Creedence Clearwater Revisited: Resenha e fotos do show em Porto Alegre
Resenha - Creedence Clearwater Revisited (Aud. Araújo Vianna, Porto Alegre, 26/10/2019)
Por Luciano Schneider
Postado em 03 de novembro de 2019
Fotos por Liny Oliveira
http://www.facebook.com/photoslinyoliveira
Toda jornada tem seu final. Para o baixista Stu Cook e o baterista Doug Clifford, chegou o momento de aproveitar um merecido descanso, após uma parceria musical que durou mais de meio século. No entanto, ainda deram aos fãs uma chance de dar adeus, com uma turnê de despedida de seu projeto, o Creedence Clearwater Revisited.
Creedence C. Revival - + Novidades
Tendo se conhecido na década de 1950, quando ainda eram estudantes de segundo grau, Cook e Clifford se juntaram a outros dois colegas, Tom e John Fogerty para formar o que viria a ser o Creedence Clearwater Revival. Alcançaram o sucesso nos anos 60, mas tensões internas entre os músicos fizeram a banda acabar animosamente em 1972. Após mais de 20 anos trabalhando em diversos projetos, o baixista e baterista decidiram formar o Creedence Clearwater Revisited, com o objetivo de tocar os sucessos de sua antiga banda.
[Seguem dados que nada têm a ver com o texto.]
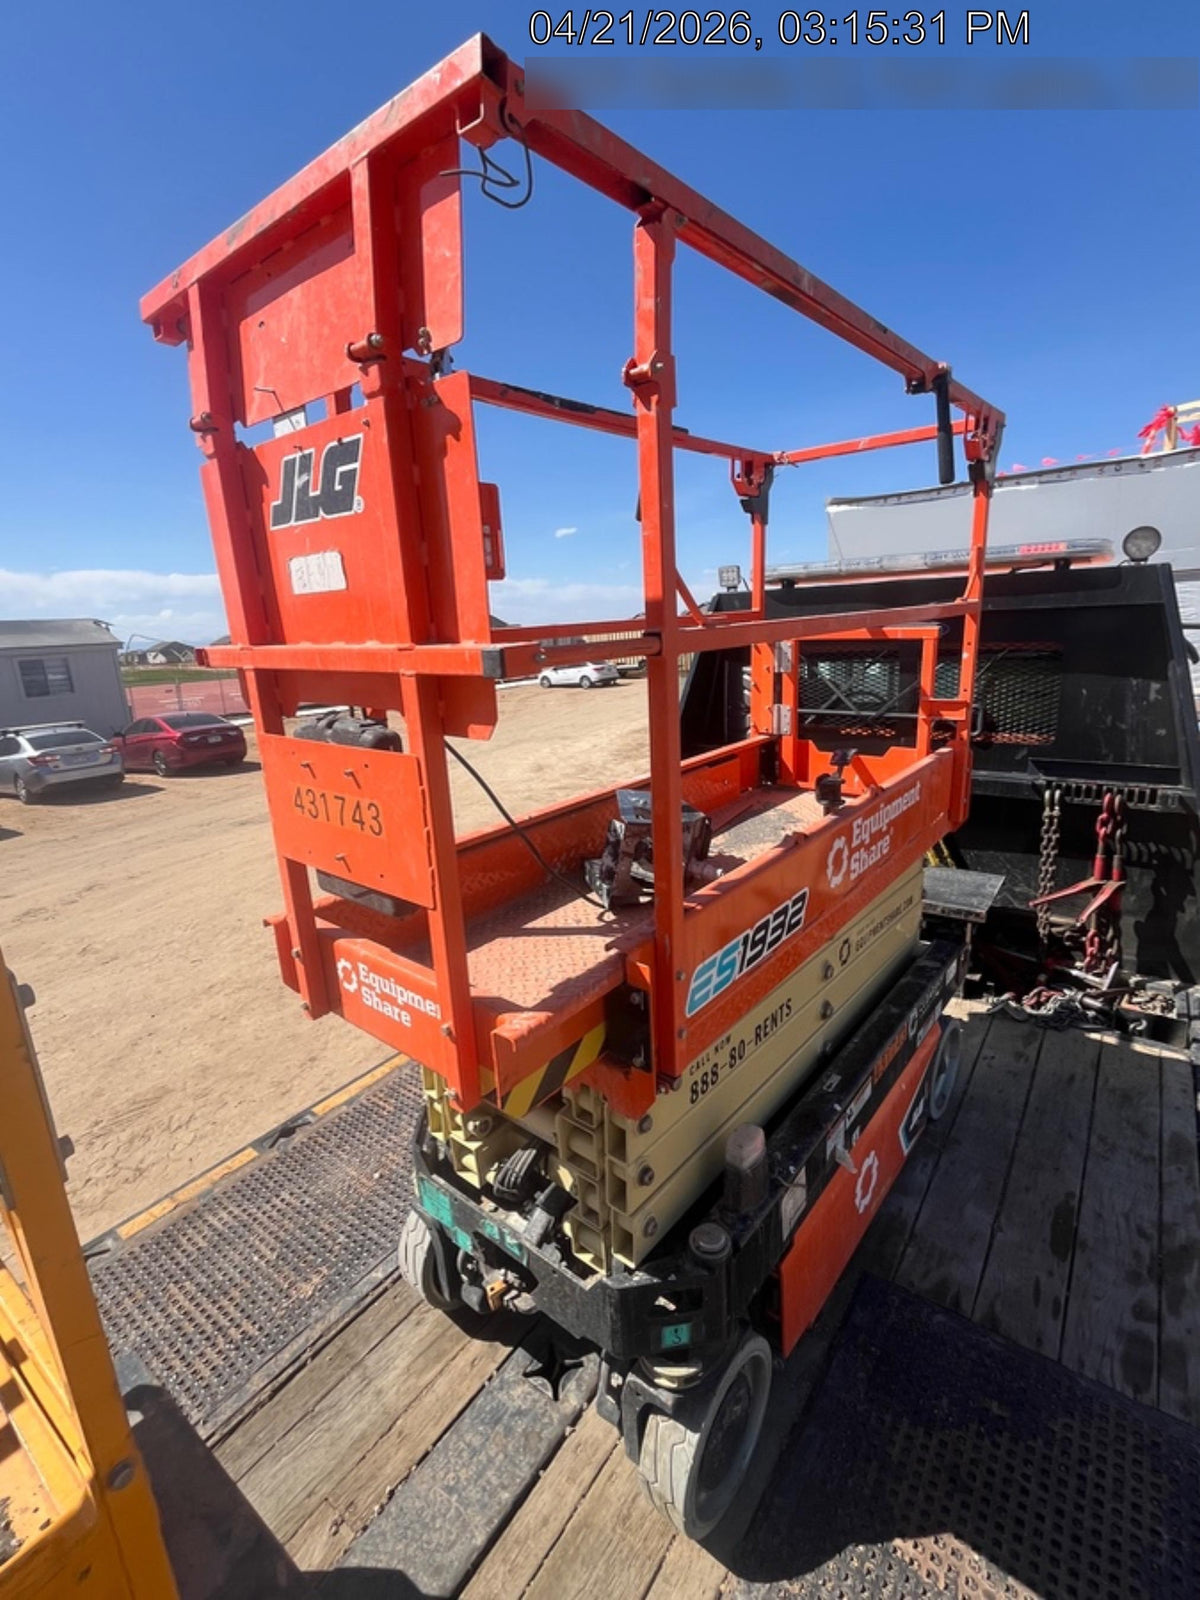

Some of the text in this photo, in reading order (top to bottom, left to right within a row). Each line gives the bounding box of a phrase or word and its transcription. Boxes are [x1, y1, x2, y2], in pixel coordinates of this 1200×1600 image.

[270, 432, 364, 530] JLG
[294, 786, 383, 837] 431743
[852, 780, 920, 848] Equipment
[850, 834, 891, 880] Share
[686, 887, 809, 1018] ES1932
[361, 985, 412, 1028] Share
[689, 997, 792, 1104] 888-80-RENTS
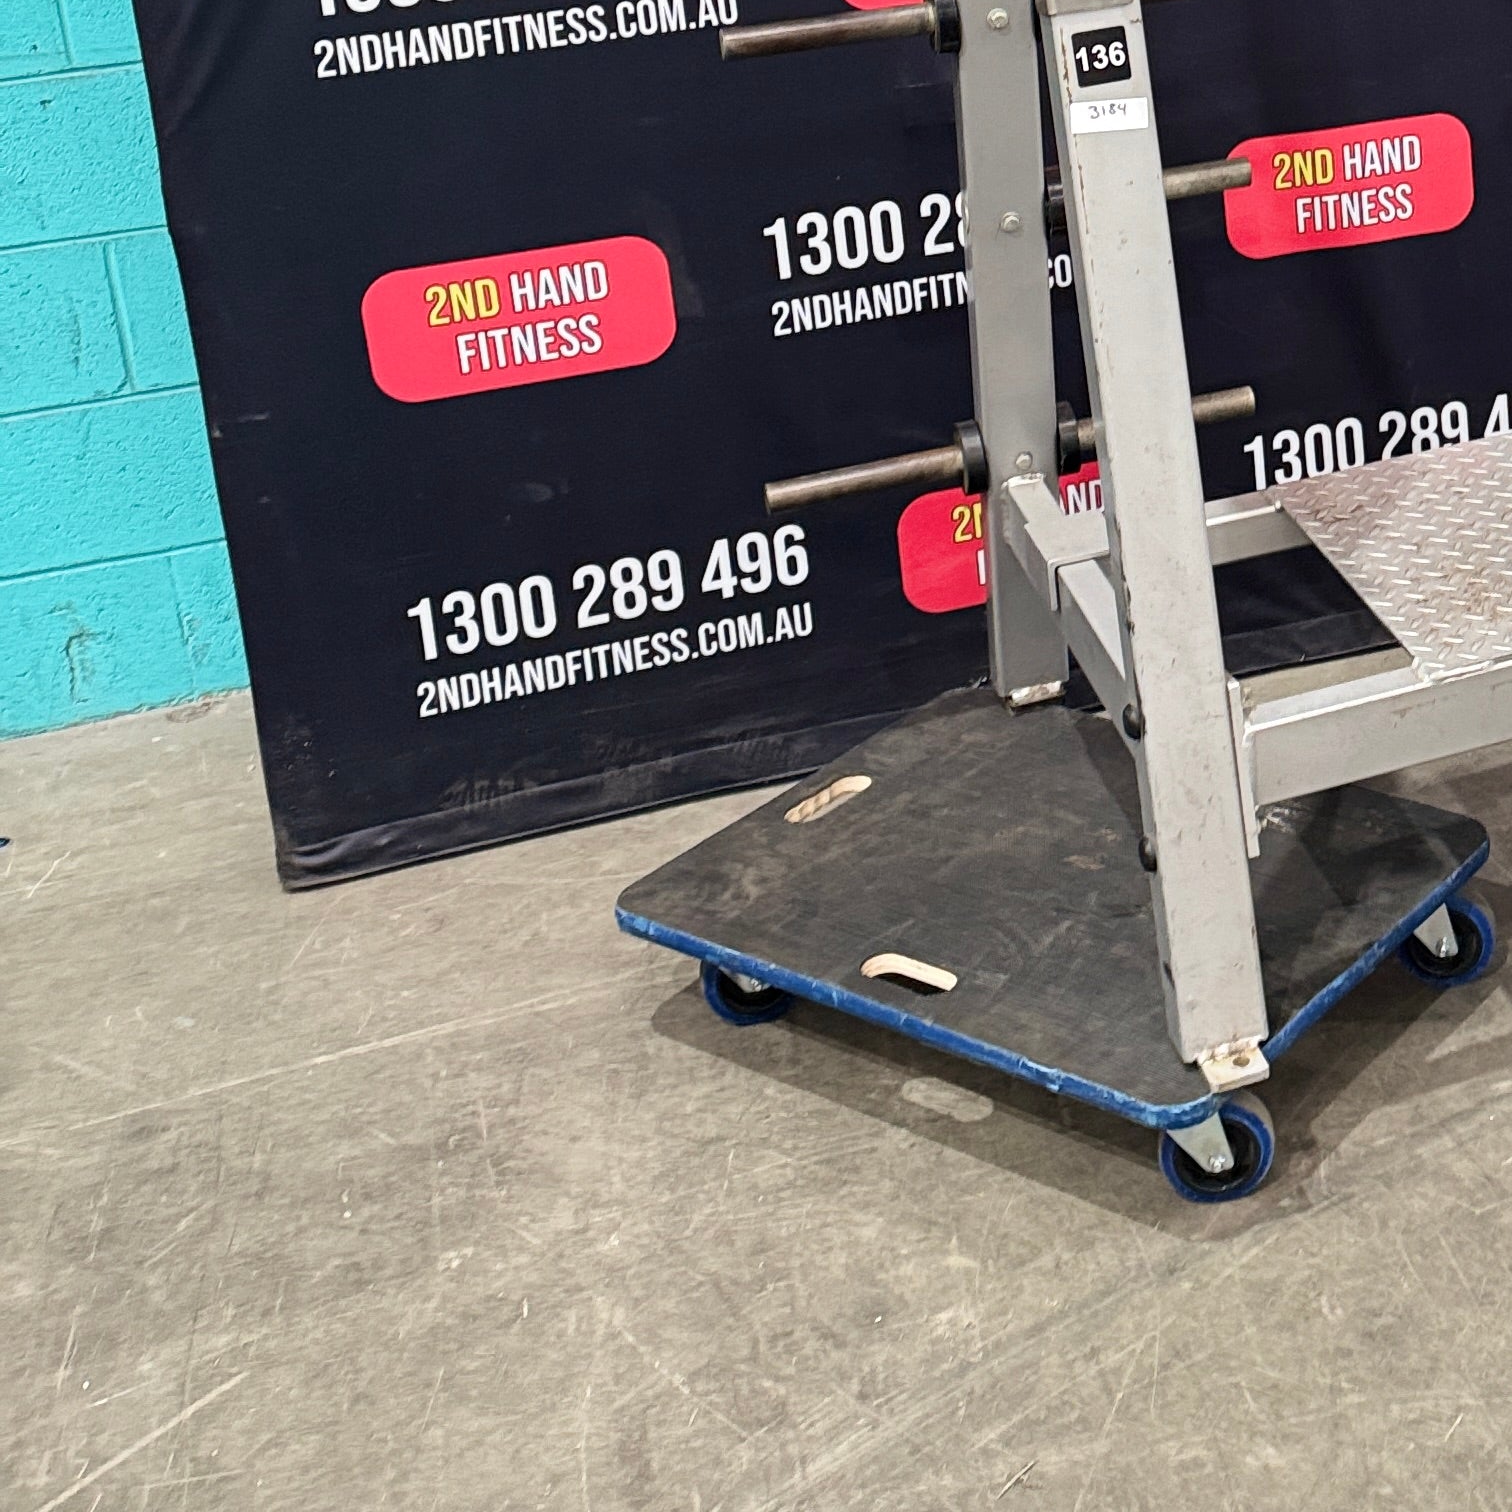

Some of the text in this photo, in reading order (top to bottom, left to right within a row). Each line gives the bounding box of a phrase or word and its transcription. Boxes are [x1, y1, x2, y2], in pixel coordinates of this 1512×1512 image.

[1075, 41, 1126, 72] 136
[1087, 103, 1127, 120] 3184
[1274, 136, 1420, 188] 2ND HAND
[1297, 184, 1412, 232] FITNESS
[763, 201, 904, 279] 1300
[426, 262, 607, 325] 2ND HAND
[457, 315, 601, 373] FITNESS
[1243, 417, 1365, 491] 1300
[408, 525, 808, 660] 1300 289 496
[417, 602, 812, 717] 2NDHANDFITNESS.COM.AU
Essa longa história se reflete no público da banda. O que se viu no auditório Araújo Viana foi um encontro de gerações. Um grande público mais velho, muitos acompanhados de seus filhos, felizes por poderem acompanhar essa banda que fez história e se tornou parte dela.

E a banda não decepcionou. Começando o show com a bela Born On The Bayou, mostraram que continuam com o fôlego intacto. Stu Cook e Doug Clifford se cercaram de excelentes músicos, com destaque para a guitarra de Kurt Griffey e os vocais de Dan McGuiness, que tem uma excelente voz.

Com esse time, o que se seguiu foi um festival de hits que emocionou o público presente. Desde os sucessos mais dançantes da banda, como Hey Tonight e Green River, até as músicas mais emocionantes, como Midnight Special e Long As I Can See The Light, nenhuma ficou de fora. O clima de despedida estava no ar, e Cook chamou Clifford, de trás de sua bateria, para falar da trajetória que passaram juntos, ao longo de impressionantes 55 anos de parceria!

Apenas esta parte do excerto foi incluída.